As the height of winter approaches so does the height of flu season.

Though officials say the current number of cases is normal for this time of year, it is still pervasive.

“Right now it’s considered widespread throughout the state,” said Patty Hunt, director of public health and patient services for Washington County.

She said New York state has seen an increase in patients with the flu during the last few weeks and blames this on people being too busy for vaccinations or visiting doctors during the holidays.

“We monitor,” Hunt said. “We get reports of the flu, so we know what’s going on in communities.”
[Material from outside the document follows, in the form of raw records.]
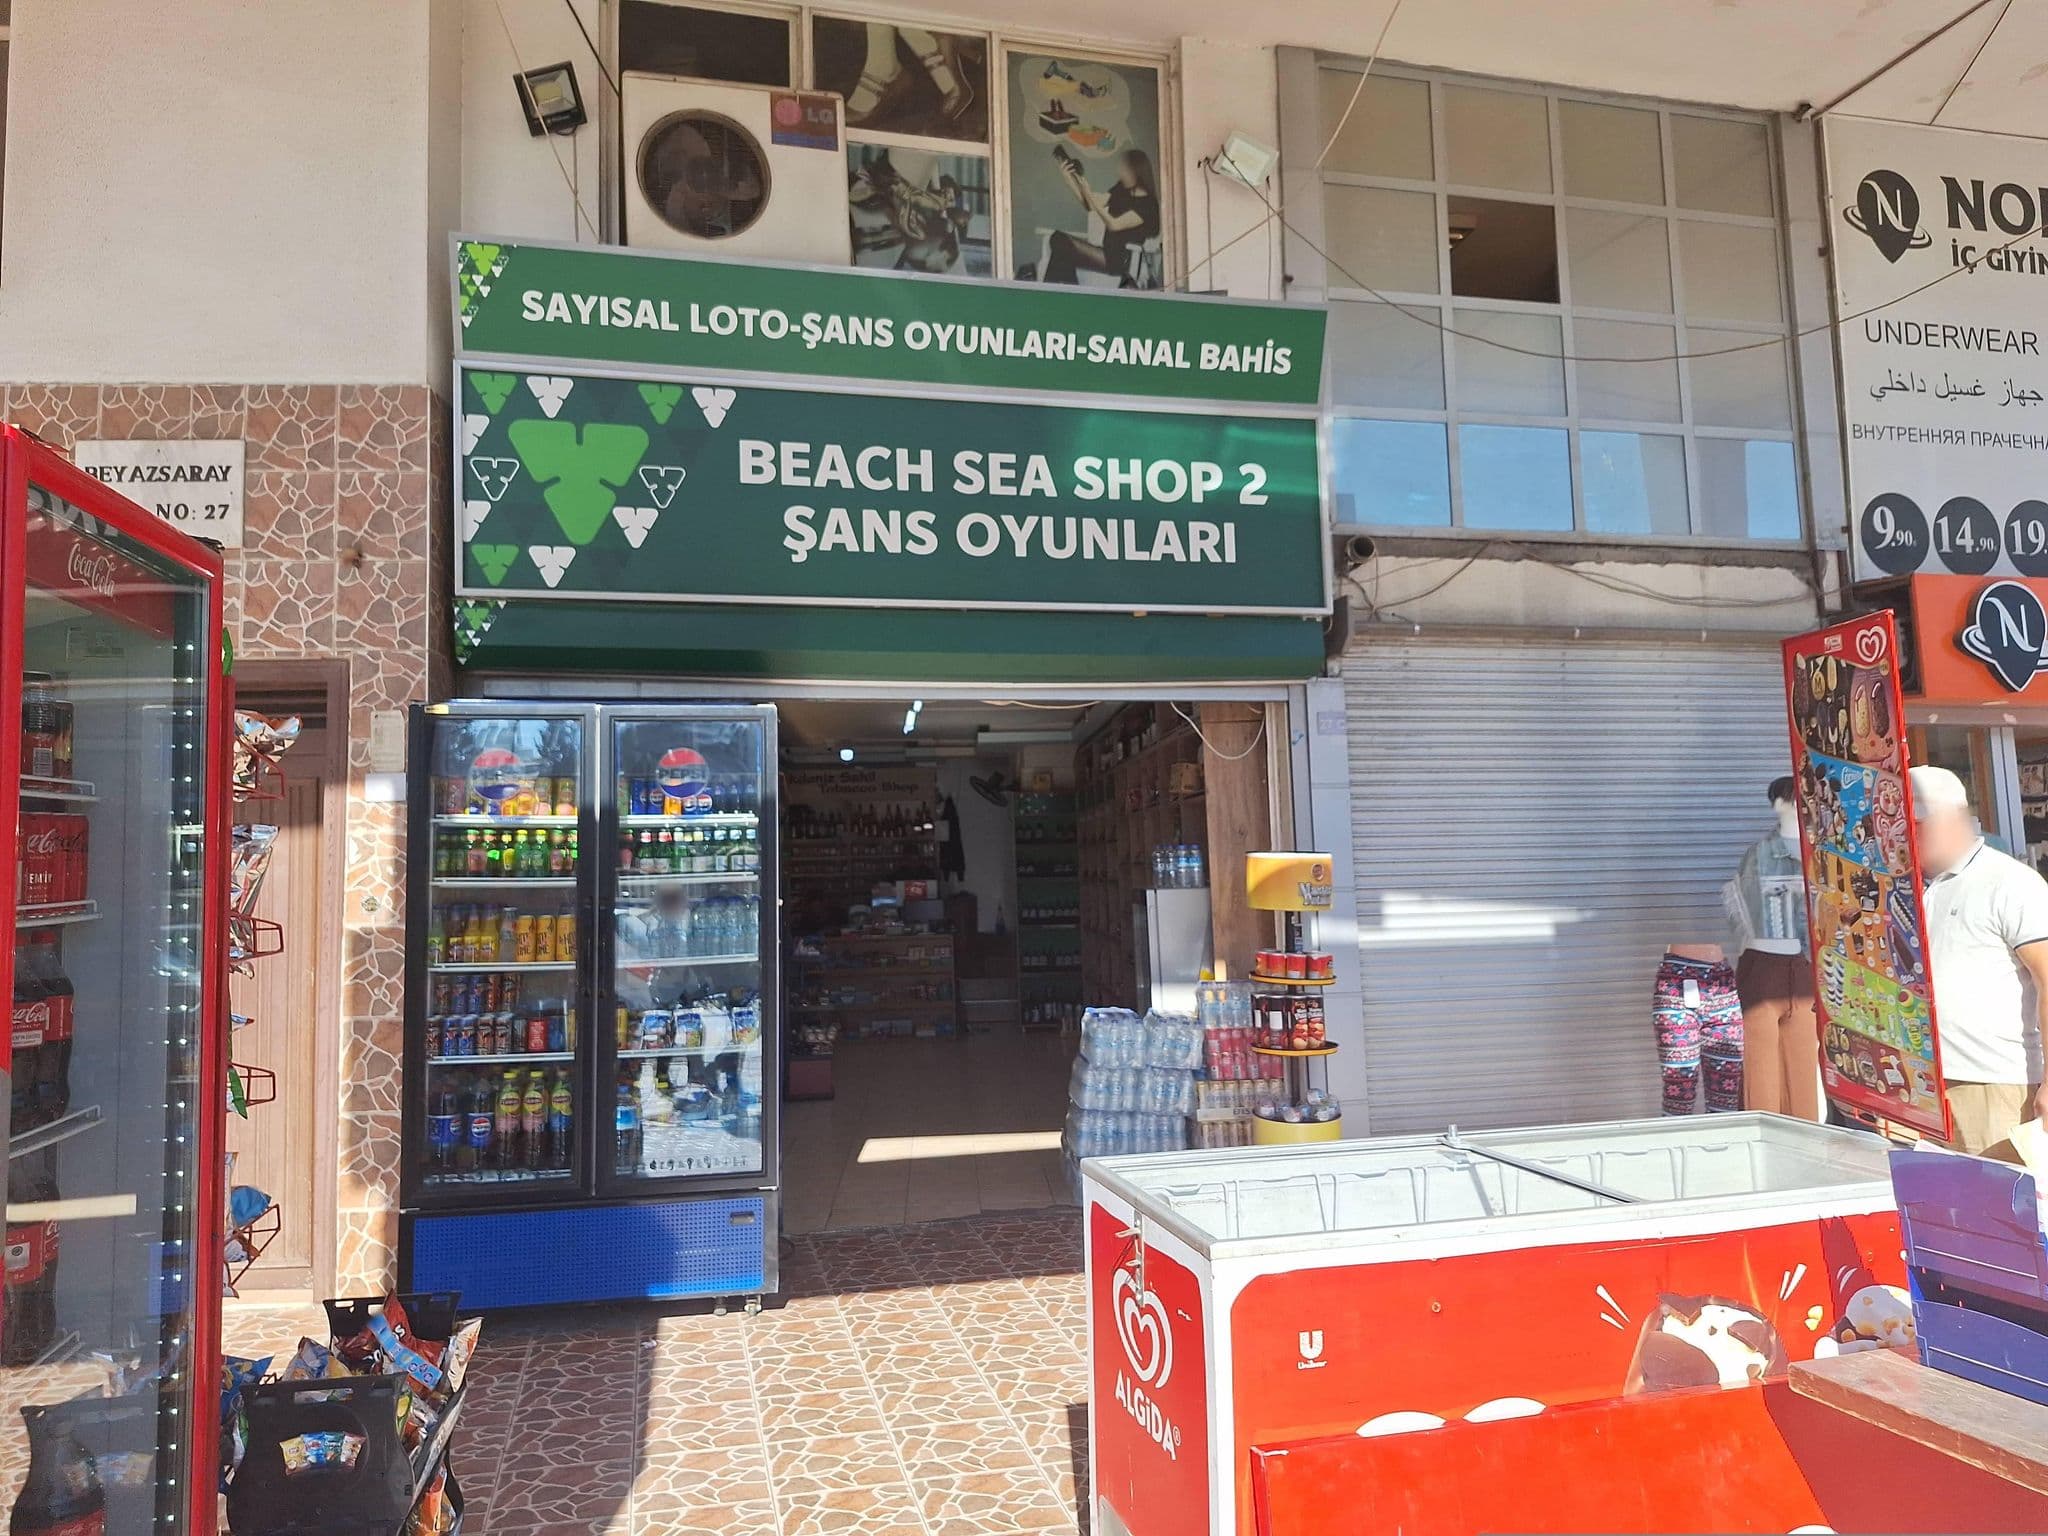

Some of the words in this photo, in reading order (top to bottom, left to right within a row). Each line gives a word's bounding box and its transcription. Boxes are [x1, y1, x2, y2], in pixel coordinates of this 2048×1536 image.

[1940, 176, 2048, 238] NO
[1951, 238, 1977, 274] İÇ
[522, 290, 680, 331] SAYISAL
[690, 303, 894, 350] LOTO-ŞANS
[904, 321, 1191, 369] OYUNLARI-SANAL
[1199, 339, 1292, 375] BAHİS
[1864, 318, 2040, 356] UNDERWEAR
[1870, 368, 1927, 402] داخلي
[1935, 372, 1986, 402] غسيل
[1998, 378, 2044, 407] جهاز
[1852, 423, 1966, 447] ВНУТРЕННЯЯ
[739, 439, 934, 492] BEACH
[953, 450, 1058, 497] SEA
[1073, 455, 1224, 503] SHOP
[1238, 462, 1269, 506] 2
[204, 503, 230, 520] 27
[783, 505, 938, 563] ŞANS
[956, 512, 1236, 563] OYUNLARI
[1936, 515, 1995, 554] 14.90
[67, 543, 117, 598] Coca-Cola
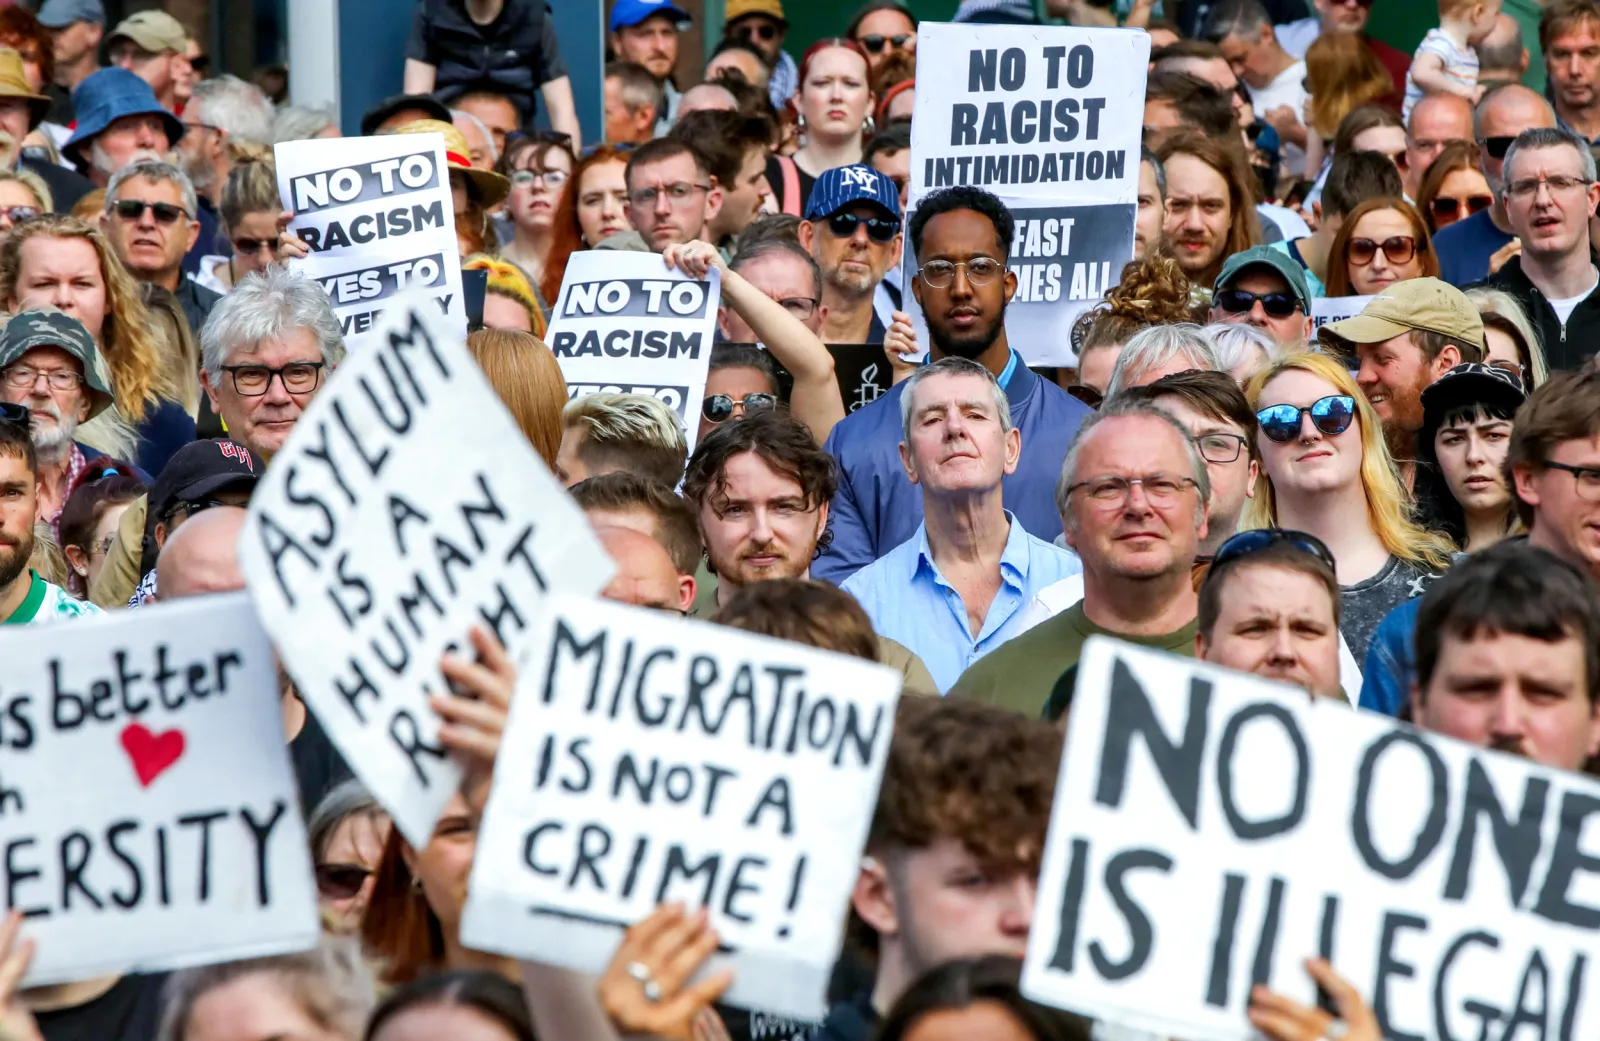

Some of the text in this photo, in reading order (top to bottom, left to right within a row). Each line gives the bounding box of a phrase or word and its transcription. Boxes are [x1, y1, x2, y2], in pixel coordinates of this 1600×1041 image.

[968, 44, 1094, 93] NO TO
[950, 97, 1106, 146] RACIST
[295, 154, 433, 211] NO TO
[840, 166, 879, 194] NY
[924, 149, 1126, 188] INTIMIDATION
[296, 200, 445, 253] RACISM
[1009, 218, 1075, 258] FAST
[565, 280, 704, 315] NO TO
[1069, 261, 1111, 301] ALL
[552, 329, 703, 360] RACISM
[257, 307, 453, 606] ASYLUM
[326, 495, 430, 631] IS A
[332, 472, 506, 725] HUMAN
[48, 645, 244, 730] better
[389, 524, 549, 789] RHT
[542, 617, 884, 767] MIGRATION
[535, 735, 793, 836] IS NOT A
[1095, 656, 1600, 931] NO ONE
[523, 822, 807, 937] CRIME!
[1047, 838, 1176, 982] IS
She said one of the main problems with the illness is that people don’t always immediately realize they are sick.

“The difficult thing with the flu is people can be contagious up to a day before they show symptoms,” she said. Because of that, she recommends a number of preventative measures to stop the sickness before it spreads.

“The number one thing they can do is get the flu vaccine; that is best,” Hunt said. Though in other years there have been shortages of the vaccination, Hunt said there seems to be a good supply at this point. She said the H1N1 virus is again in circulation, so the vaccine targets that. The flu vaccine can be administered at most doctor’s offices and some local pharmacies can give the flu shot without the need to even schedule an appointment.

And nationwide, she said trends show younger people are getting hit the hardest this season, so she especially promotes the flu vaccination for those in contact with youth.

“It’s the best way to protect children under six months. Having people around them protected is the best way to protect the very young,” she said.

Anyone who is currently not sick can get a vaccination, which takes two weeks to become completely effective.

“It’s not too late at all. Any protection is better than no protection,” Hunt said. She had recommendations for those who don’t get the vaccine as well to protect against the flu.

“In lieu of that they can do frequent hand washing, cover coughs with an elbow. If they’re sick they shouldn’t be going to work or school,” she said.

Hunt said most people get vaccinated at their local pharmacies or doctors, but those who have no alternative are welcome to visit Washington County Public Health or call the office at 746-2400 or 800-624-4221.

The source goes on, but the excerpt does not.